─── INPUT DATA

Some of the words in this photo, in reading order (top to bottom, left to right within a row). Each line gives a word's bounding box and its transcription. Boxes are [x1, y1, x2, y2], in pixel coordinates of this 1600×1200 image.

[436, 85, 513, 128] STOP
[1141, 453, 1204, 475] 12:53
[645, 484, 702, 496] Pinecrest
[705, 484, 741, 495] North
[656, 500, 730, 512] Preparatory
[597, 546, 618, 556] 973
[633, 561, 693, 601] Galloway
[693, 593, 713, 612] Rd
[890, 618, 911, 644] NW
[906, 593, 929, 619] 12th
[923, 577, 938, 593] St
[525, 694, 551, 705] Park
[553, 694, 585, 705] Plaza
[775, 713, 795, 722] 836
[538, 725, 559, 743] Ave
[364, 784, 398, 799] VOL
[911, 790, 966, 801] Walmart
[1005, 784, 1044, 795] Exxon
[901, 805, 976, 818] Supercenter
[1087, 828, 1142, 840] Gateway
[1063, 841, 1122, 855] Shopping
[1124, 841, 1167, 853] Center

──────

> **WHAT THE EXERCISE ASKS**: Say each line again exactly as it appears above.

> **RESPONSE BOX**:
Some of the words in this photo, in reading order (top to bottom, left to right within a row). Each line gives a word's bounding box and its transcription. Boxes are [x1, y1, x2, y2], in pixel coordinates of this 1600×1200 image.

[436, 85, 513, 128] STOP
[1141, 453, 1204, 475] 12:53
[645, 484, 702, 496] Pinecrest
[705, 484, 741, 495] North
[656, 500, 730, 512] Preparatory
[597, 546, 618, 556] 973
[633, 561, 693, 601] Galloway
[693, 593, 713, 612] Rd
[890, 618, 911, 644] NW
[906, 593, 929, 619] 12th
[923, 577, 938, 593] St
[525, 694, 551, 705] Park
[553, 694, 585, 705] Plaza
[775, 713, 795, 722] 836
[538, 725, 559, 743] Ave
[364, 784, 398, 799] VOL
[911, 790, 966, 801] Walmart
[1005, 784, 1044, 795] Exxon
[901, 805, 976, 818] Supercenter
[1087, 828, 1142, 840] Gateway
[1063, 841, 1122, 855] Shopping
[1124, 841, 1167, 853] Center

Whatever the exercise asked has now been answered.